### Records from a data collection
▼

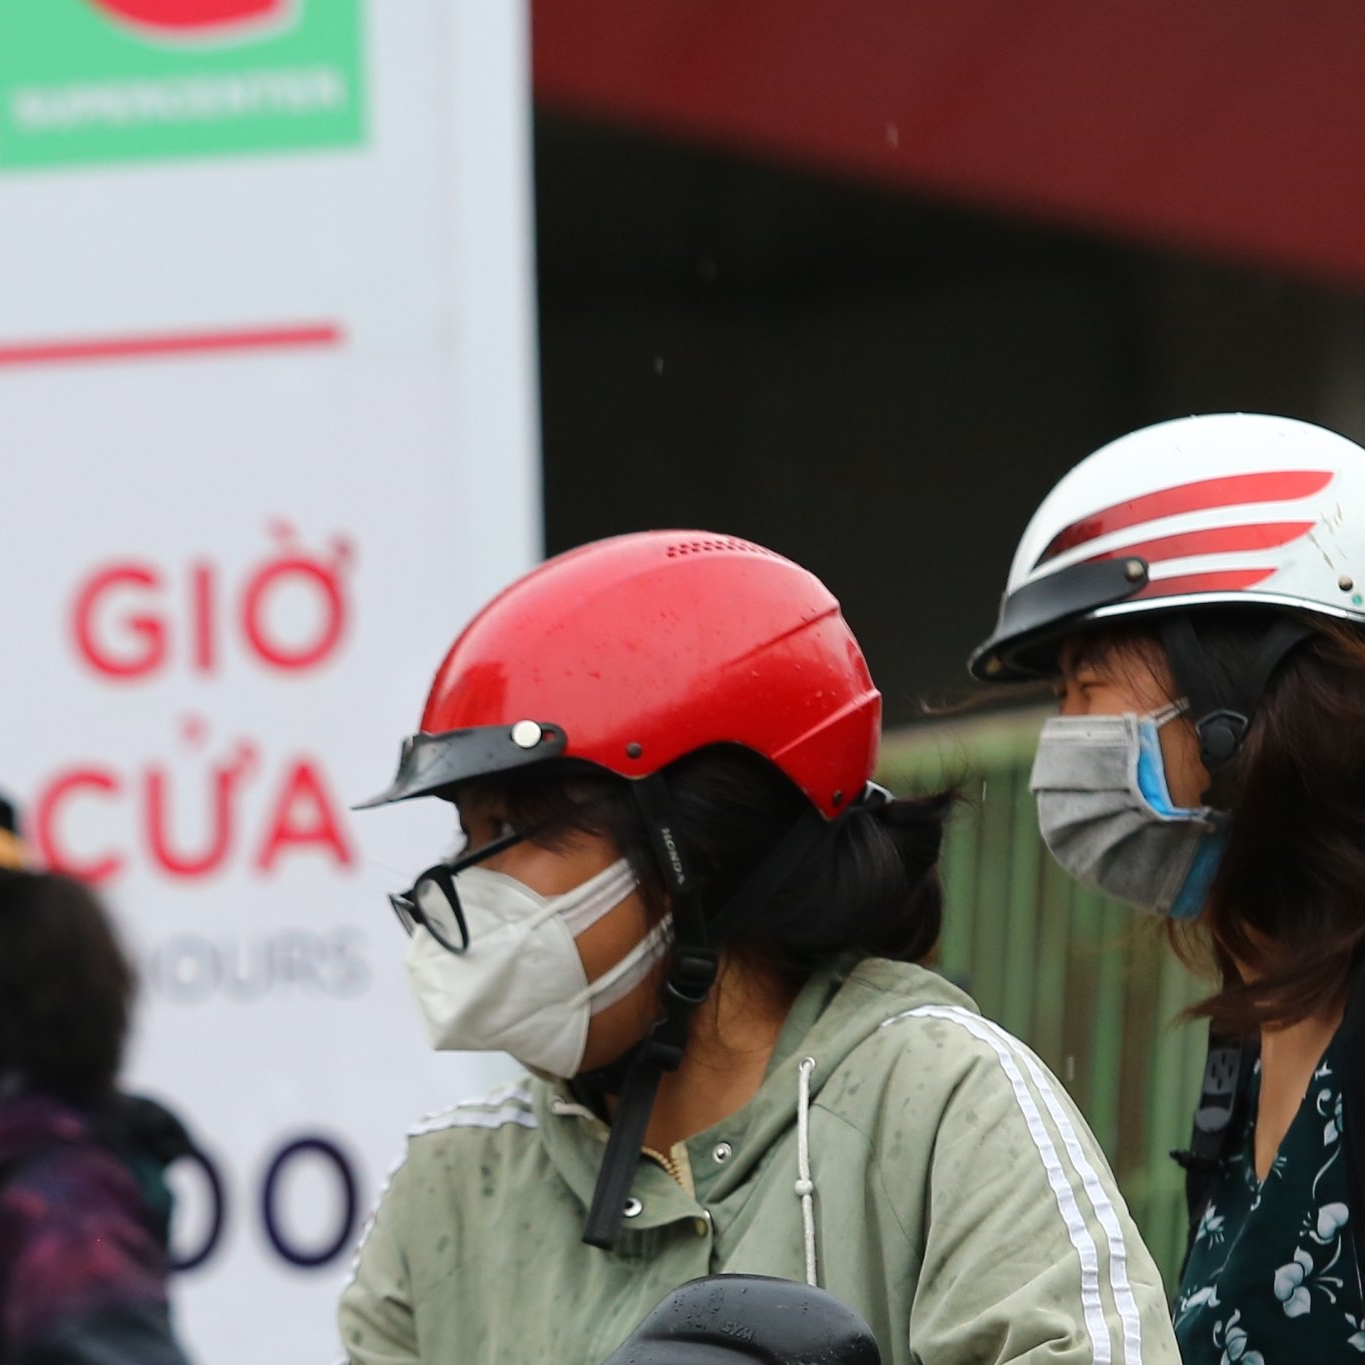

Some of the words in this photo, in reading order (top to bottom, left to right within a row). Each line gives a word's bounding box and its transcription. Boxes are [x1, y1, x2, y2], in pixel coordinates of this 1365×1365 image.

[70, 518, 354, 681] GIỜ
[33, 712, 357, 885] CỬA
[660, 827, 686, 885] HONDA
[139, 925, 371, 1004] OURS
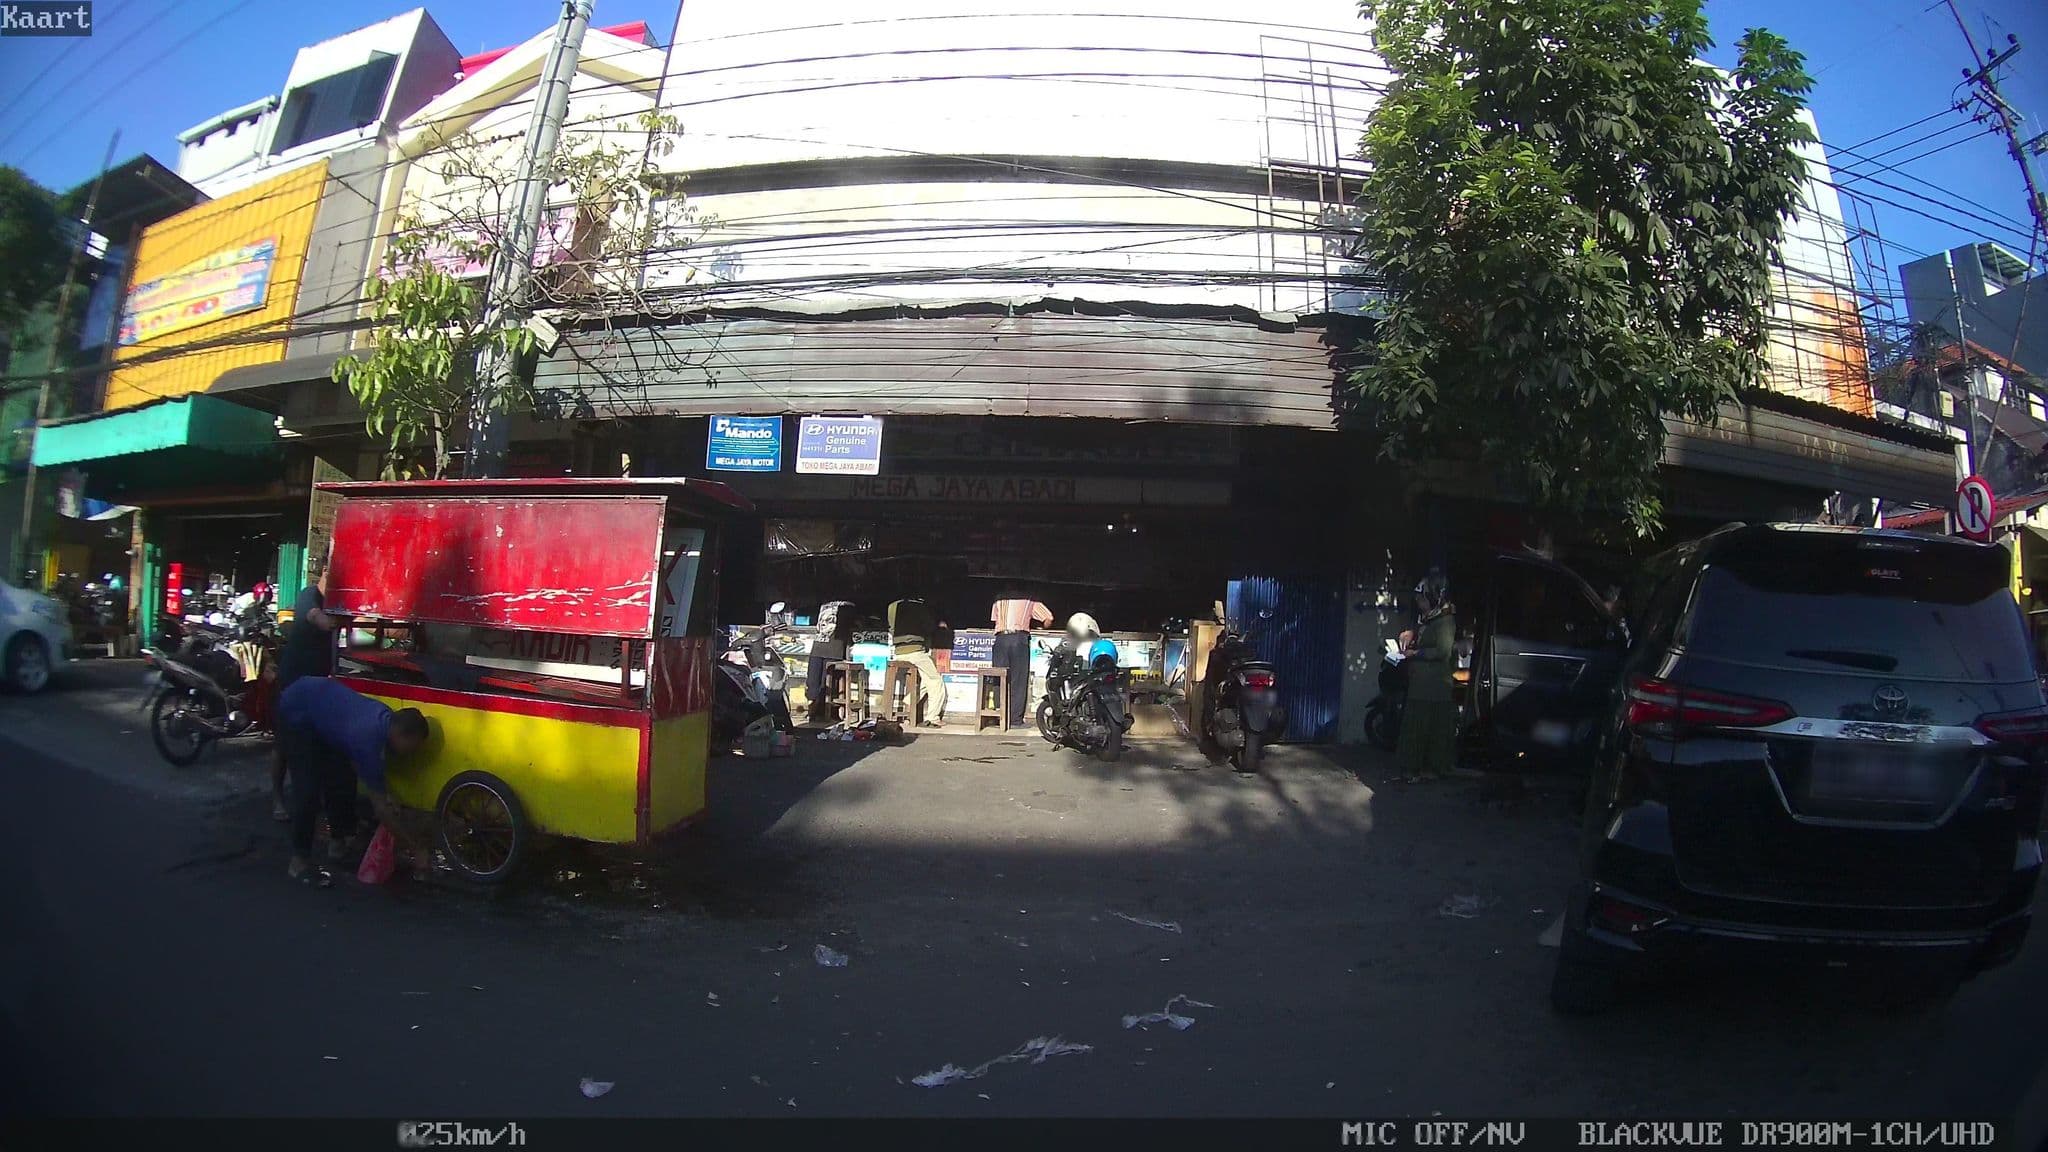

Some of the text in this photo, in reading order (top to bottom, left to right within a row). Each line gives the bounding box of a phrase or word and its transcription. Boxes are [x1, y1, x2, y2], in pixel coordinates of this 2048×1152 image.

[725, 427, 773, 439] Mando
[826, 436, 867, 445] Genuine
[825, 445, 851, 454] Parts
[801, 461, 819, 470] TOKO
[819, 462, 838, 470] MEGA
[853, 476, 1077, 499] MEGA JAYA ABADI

▲

### What you should do
Set down every record exactly as written, but drop the pictures.

### Answer below
Some of the words in this photo, in reading order (top to bottom, left to right within a row). Each line gives a word's bounding box and its transcription. Boxes are [x1, y1, x2, y2], in pixel coordinates of this 1365×1365 image.

[70, 518, 354, 681] GIỜ
[33, 712, 357, 885] CỬA
[660, 827, 686, 885] HONDA
[139, 925, 371, 1004] OURS

Some of the text in this photo, in reading order (top to bottom, left to right within a row). Each line gives the bounding box of a phrase or word and its transcription. Boxes are [x1, y1, x2, y2], in pixel coordinates of this 2048×1152 image.

[725, 427, 773, 439] Mando
[826, 436, 867, 445] Genuine
[825, 445, 851, 454] Parts
[801, 461, 819, 470] TOKO
[819, 462, 838, 470] MEGA
[853, 476, 1077, 499] MEGA JAYA ABADI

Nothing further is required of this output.